The Menendez Brothers Both Got Married While In Prison

by Alaina Urquhart-White
MIKE NELSON/AFP/Getty Images

It is hard to believe that it has been nearly three decades since the world was introduced to the Menendez brothers. Now that '90s true crime has taken over television in recent years, Lyle and Erik Menendez are being introduced to a whole new generation. Their story is being retold for the debut season of Law & Order True Crime: The Menendez Murders and the fascinating case will likely have audiences wondering where the brothers are now. Both were convicted of murdering their parents and sentenced to life in prison and both Menendez brothers are now married in 2017.

Of course, the fact that they have found spouses in these circumstances isn't as shocking as it may initially seem. After all, according to Rolling Stone, convicted serial killer Ted Bundy got married and allegedly fathered a child with his wife from behind bars. As for their own marriages, Lyle is more frequently willing (or perhaps able) to speak to the press than his younger brother Erik has been during their time in prison. In a 2017 interview with People, Lyle discussed life in prison and explained that his marriage to his second wife Rebecca, "helps sustain me and brings a lot of peace and joy." It was only months after their conviction that the L.A. Times reported that Lyle married his first wife, a model named Anna Eriksson, but Inside Edition reported that the two divorced in 2001. Lyle later married again in 2003, per Inside Edition, to his current wife of 14 years, Rebecca Sneed. According to the same article, Sneed is an attorney.

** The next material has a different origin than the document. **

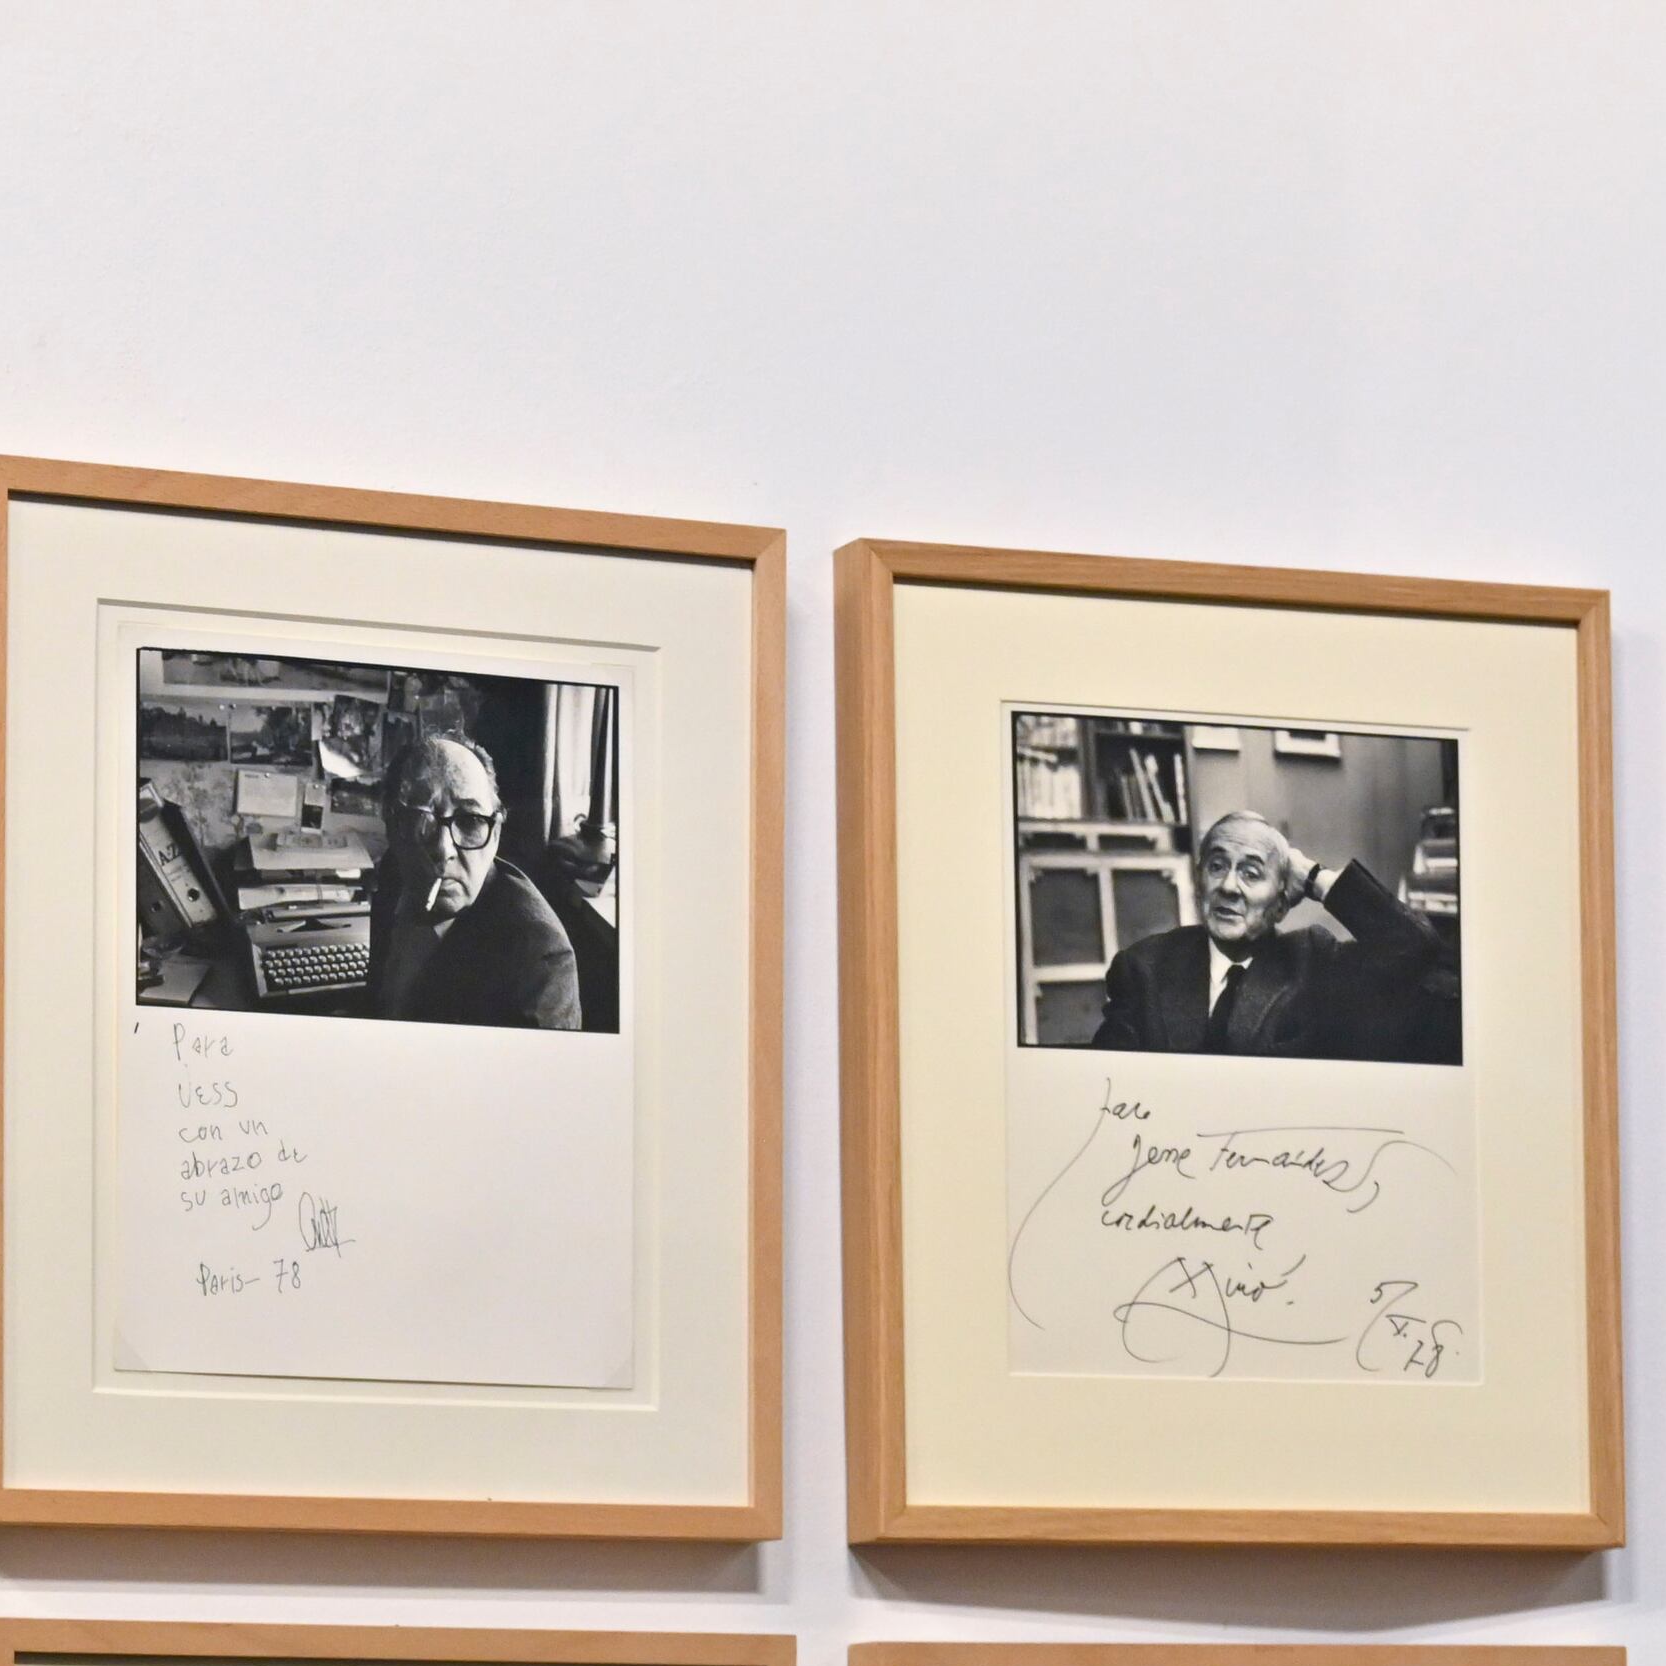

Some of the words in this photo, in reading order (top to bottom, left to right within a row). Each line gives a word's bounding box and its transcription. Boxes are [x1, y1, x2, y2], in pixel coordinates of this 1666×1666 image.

Unlike his brother, Erik only married once and is still married to that same woman named Tammi Saccoman 18 years later. In a 2005 interview with People, Saccoman said that she wrote to Erik in 1993 because she felt sympathy for him during their trial. At the time, she was married with a teenage daughter and a nine-month-old. She and Lyle began corresponding regularly after that first communication and when her husband died in 1996, she turned to her prison pen pal for comfort. Saccoman told People, “He comforted me; our letters started taking on a more serious tone.” The first time she flew out to see him in prison was in 1997 and after that, she moved herself and her two daughters to Sacramento to be closer to him. The pair married in 1999 and Saccoman even wrote a book about their lives called, They Said We'd Never Make it: My Life With Erik Menendez.

Both brothers have said that their marriages help bring them peace and joy during their imprisonment, with Erik telling People in a rare interview in 2005:

"Tammi’s love was a major step in my choosing life. Having someone who loves you unconditionally, who you can be completely open with, is good for anybody. To know that this person loves me as I am. You can’t imagine what it was like those first five years in prison never being told, 'I love you.' It makes you a colder, harder person. Tammi’s love has propelled me to become a better person."

According to the same People article with Saccoman's interview, she said that Lyle's wife briefly lived with her, but that the brothers have drifted apart because, "I wasn’t getting along with Lyle’s wife."

Despite their long-lasting marriages, Lyle and Erik won't ever be able to become parents and father children with their wives because, as People reported, "Conjugal visits are prohibited for those sentenced to life without parole in California." But, that lack of physical intimacy hasn't stopped their wives from staying by their sides for all these years, and likely many more.